#### The problem:
For each record that follows, restate the text exactly and drop the pictures.

#### Information given:
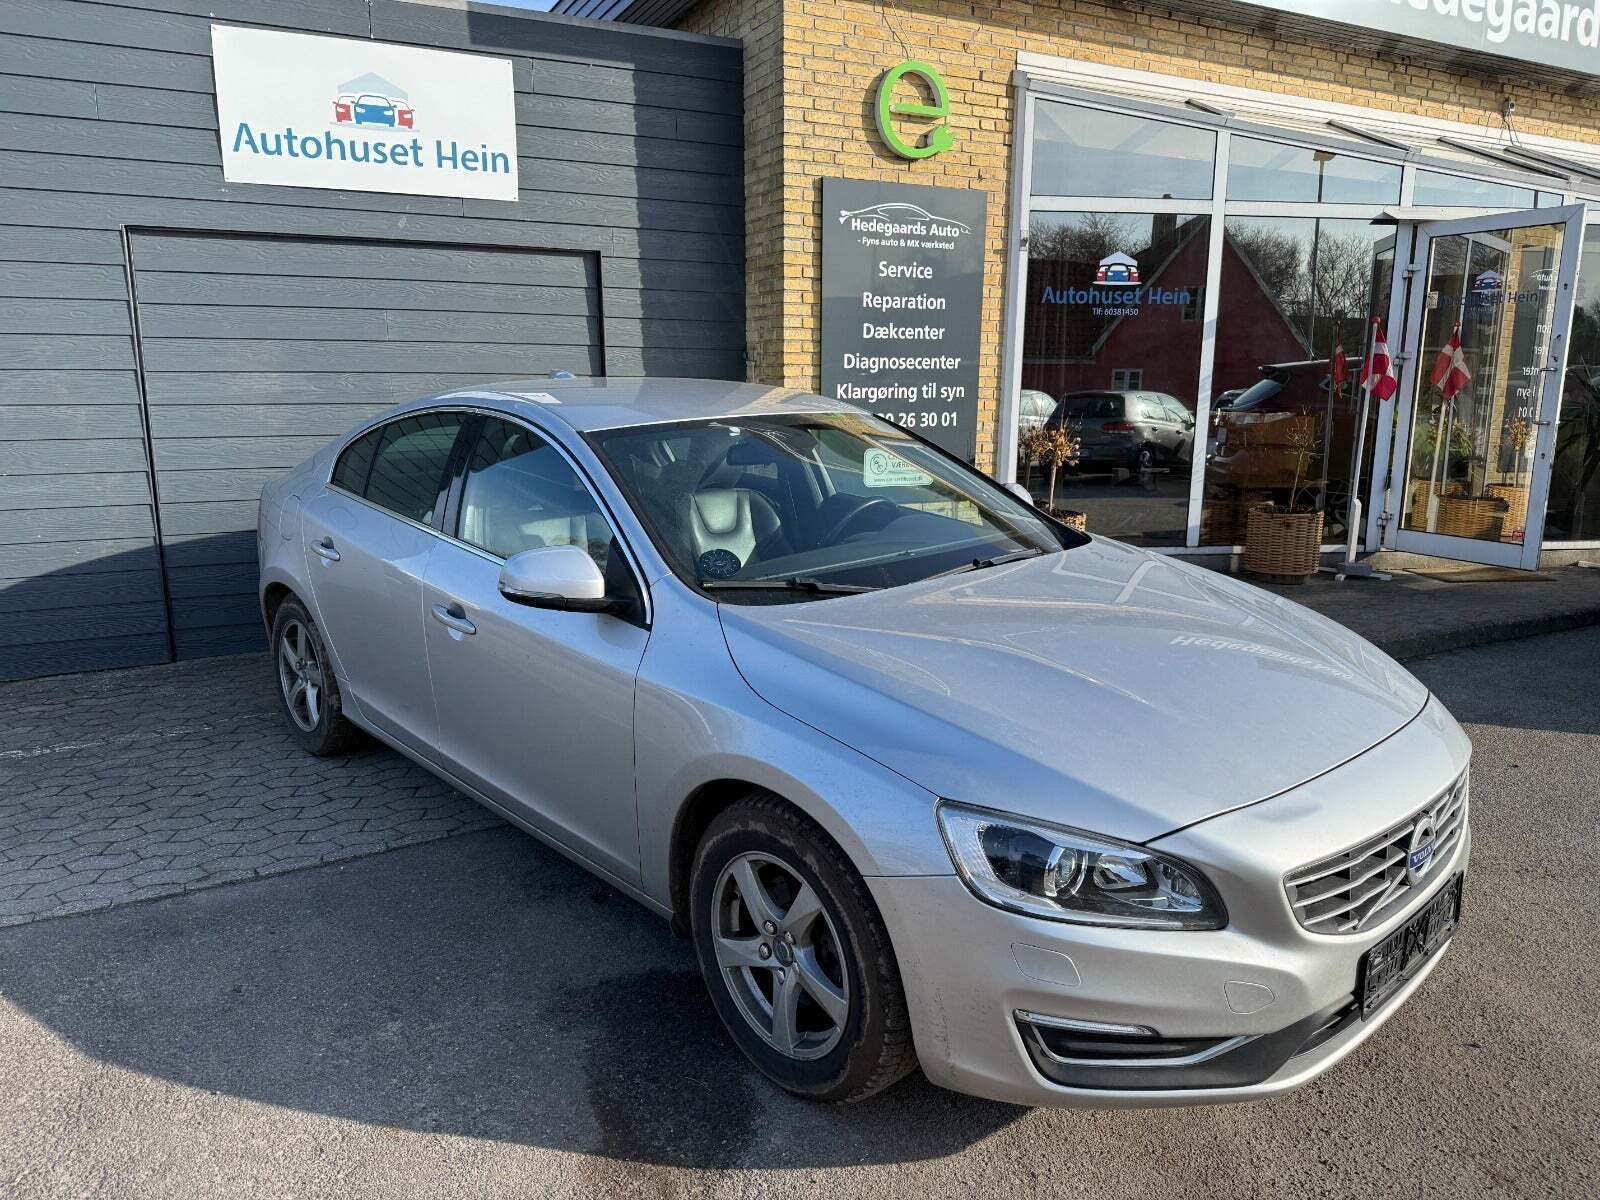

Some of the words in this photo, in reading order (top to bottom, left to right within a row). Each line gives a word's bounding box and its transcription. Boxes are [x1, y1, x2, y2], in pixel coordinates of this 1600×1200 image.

[232, 122, 424, 168] Autohuset
[435, 139, 511, 174] Hein
[851, 218, 927, 237] Hedegaards
[929, 223, 960, 238] Auto
[862, 236, 880, 247] Fyns
[880, 238, 899, 247] auto
[900, 239, 906, 247] &
[907, 239, 920, 248] MX
[920, 240, 955, 250] værksted
[879, 260, 933, 279] Service
[862, 291, 946, 312] Reparation
[1041, 286, 1143, 305] Autohuset
[1148, 286, 1191, 305] Hein
[1104, 308, 1139, 316] 60381450
[862, 322, 946, 340] Dækcenter
[843, 352, 962, 373] Diagnosecenter
[836, 382, 918, 403] Klargøring
[921, 382, 938, 399] til
[940, 385, 966, 402] syn
[898, 412, 916, 428] 26
[920, 412, 938, 427] 30
[941, 411, 957, 427] 01
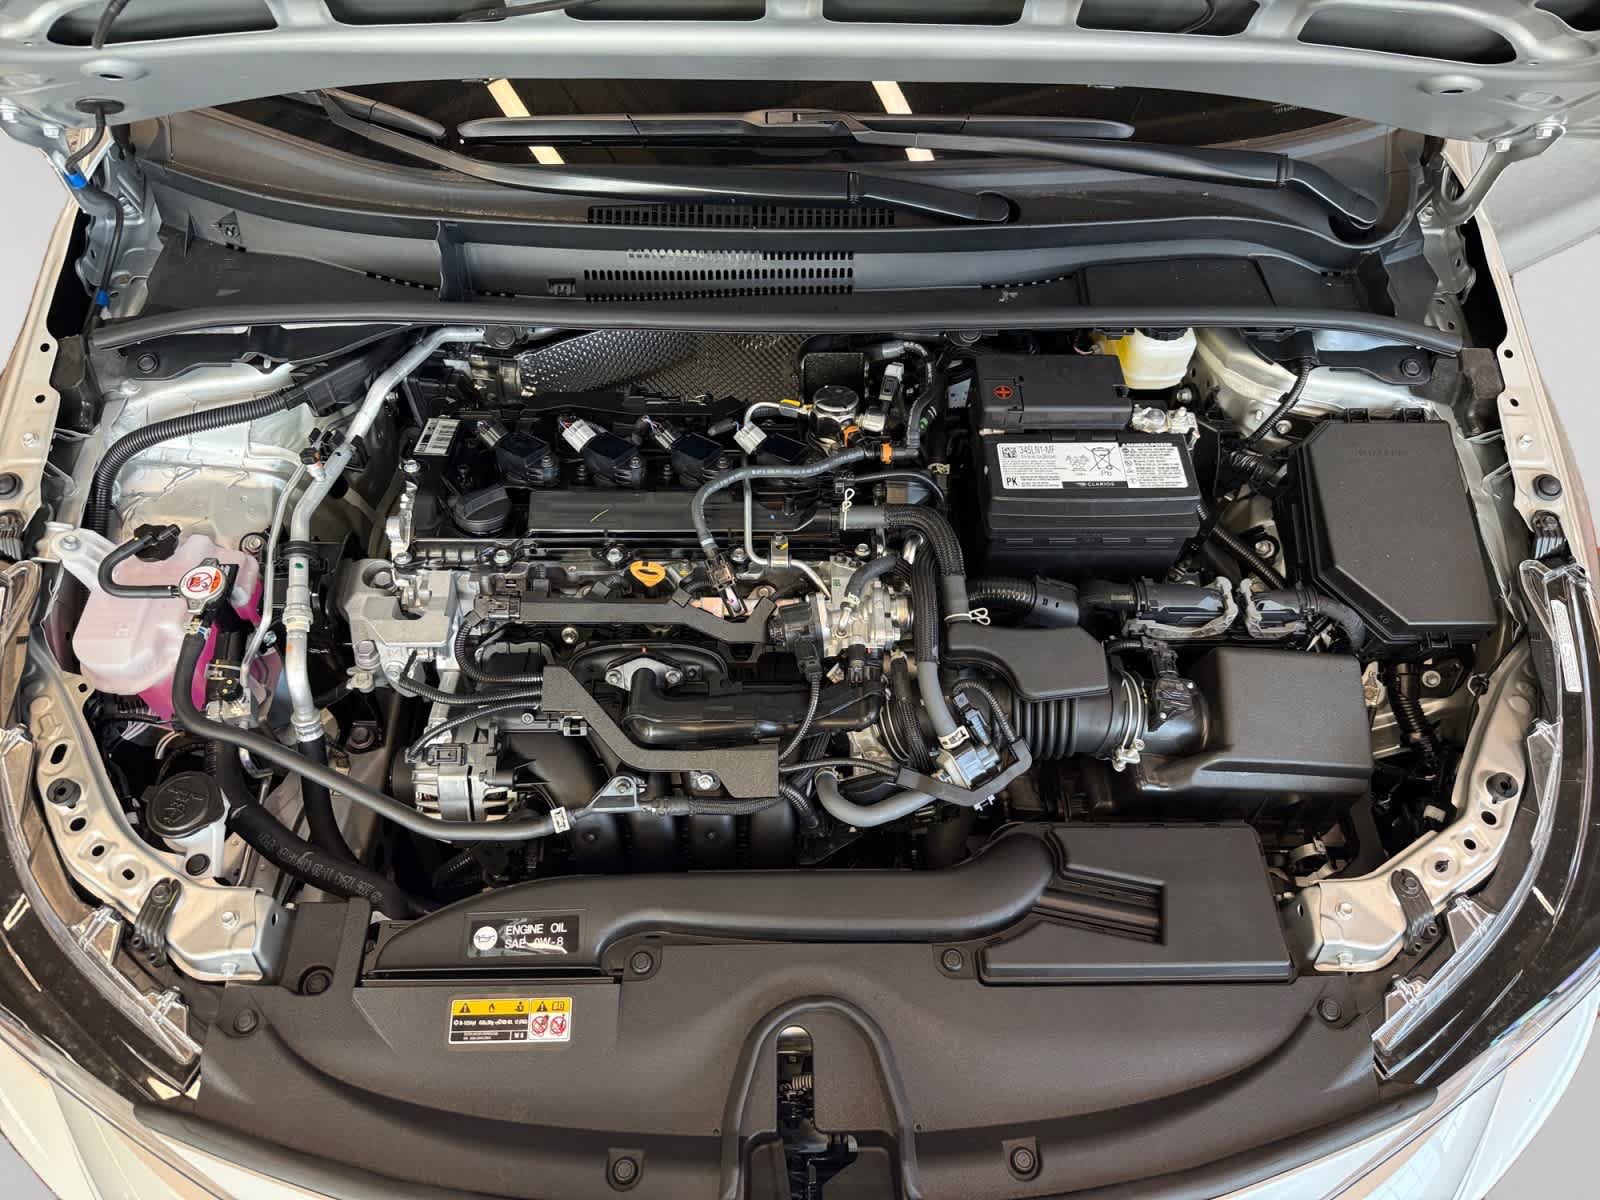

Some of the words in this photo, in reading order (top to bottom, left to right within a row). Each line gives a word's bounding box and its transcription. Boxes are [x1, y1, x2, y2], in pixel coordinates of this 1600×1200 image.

[1006, 477, 1018, 486] PK
[505, 924, 544, 936] ENGINE
[550, 922, 568, 933] OIL
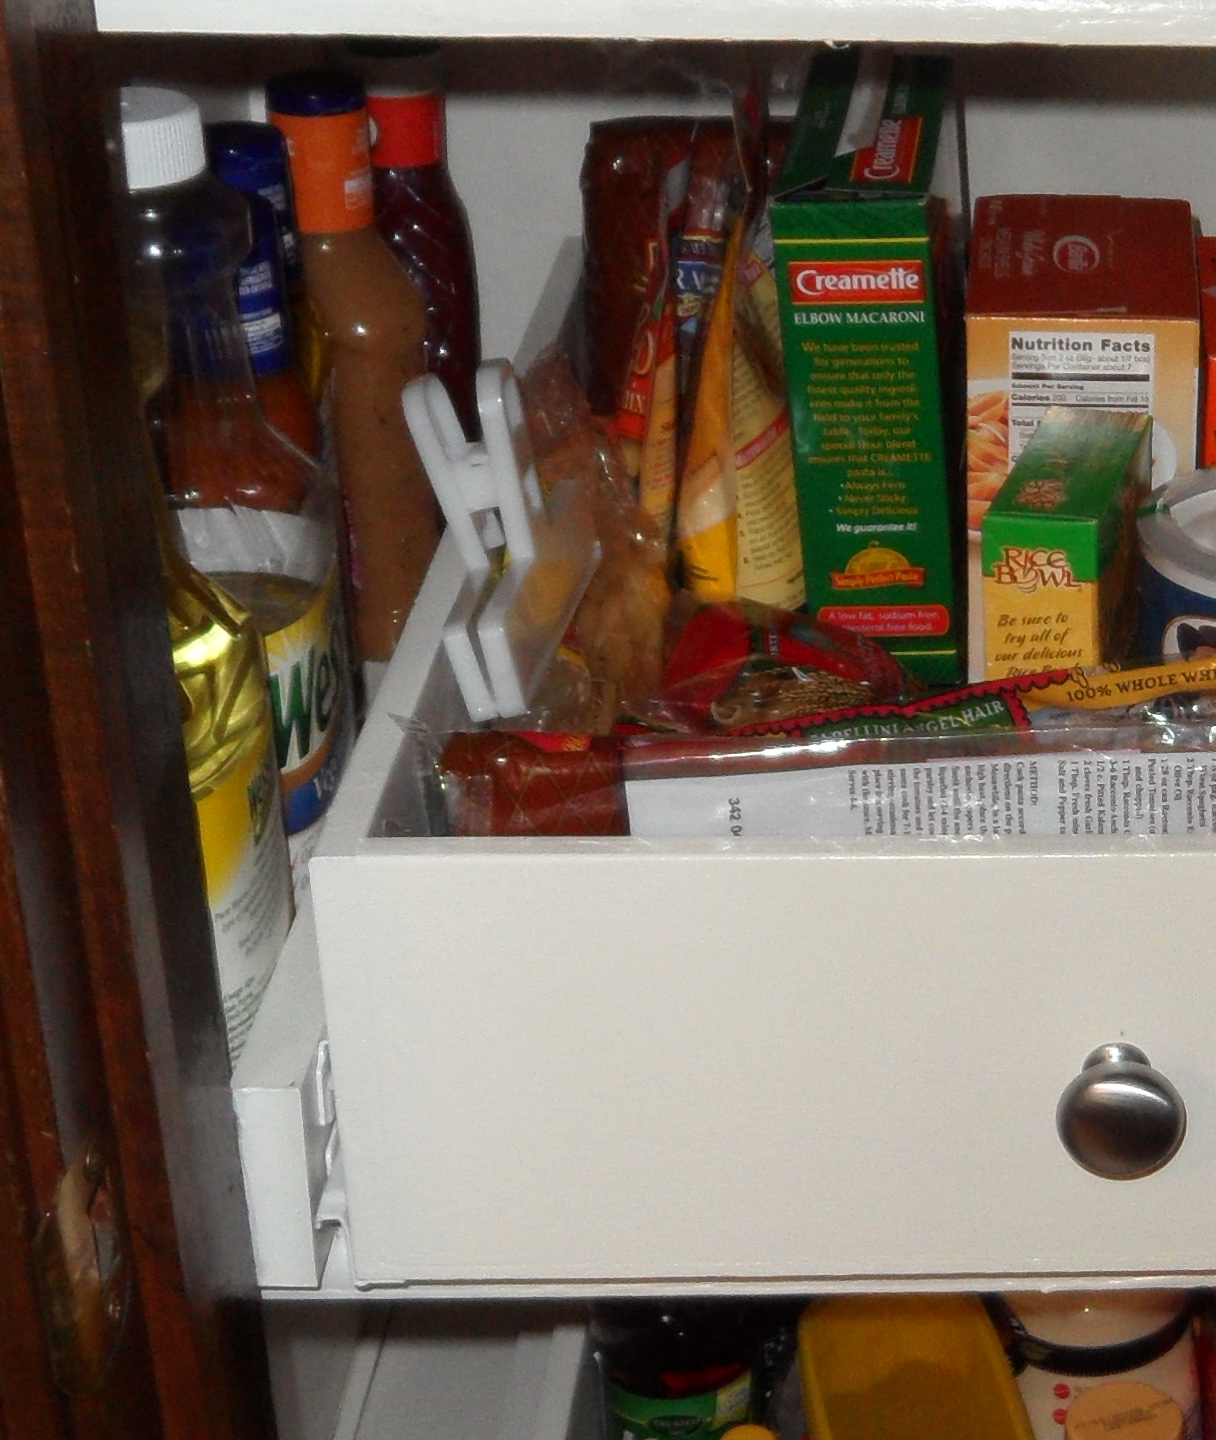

#### Response:
Some of the words in this photo, in reading order (top to bottom, left to right within a row). Each line gives a word's bounding box and its transcription. Boxes are [x1, y1, x2, y2], in pixel coordinates of this 1600×1200 image.

[232, 122, 424, 168] Autohuset
[435, 139, 511, 174] Hein
[851, 218, 927, 237] Hedegaards
[929, 223, 960, 238] Auto
[862, 236, 880, 247] Fyns
[880, 238, 899, 247] auto
[900, 239, 906, 247] &
[907, 239, 920, 248] MX
[920, 240, 955, 250] værksted
[879, 260, 933, 279] Service
[862, 291, 946, 312] Reparation
[1041, 286, 1143, 305] Autohuset
[1148, 286, 1191, 305] Hein
[1104, 308, 1139, 316] 60381450
[862, 322, 946, 340] Dækcenter
[843, 352, 962, 373] Diagnosecenter
[836, 382, 918, 403] Klargøring
[921, 382, 938, 399] til
[940, 385, 966, 402] syn
[898, 412, 916, 428] 26
[920, 412, 938, 427] 30
[941, 411, 957, 427] 01

Some of the words in this photo, in reading order (top to bottom, left to right within a row). Each line gives a word's bounding box and its transcription. Boxes are [x1, y1, x2, y2], in pixel coordinates of this 1600×1200 image.

[1006, 477, 1018, 486] PK
[505, 924, 544, 936] ENGINE
[550, 922, 568, 933] OIL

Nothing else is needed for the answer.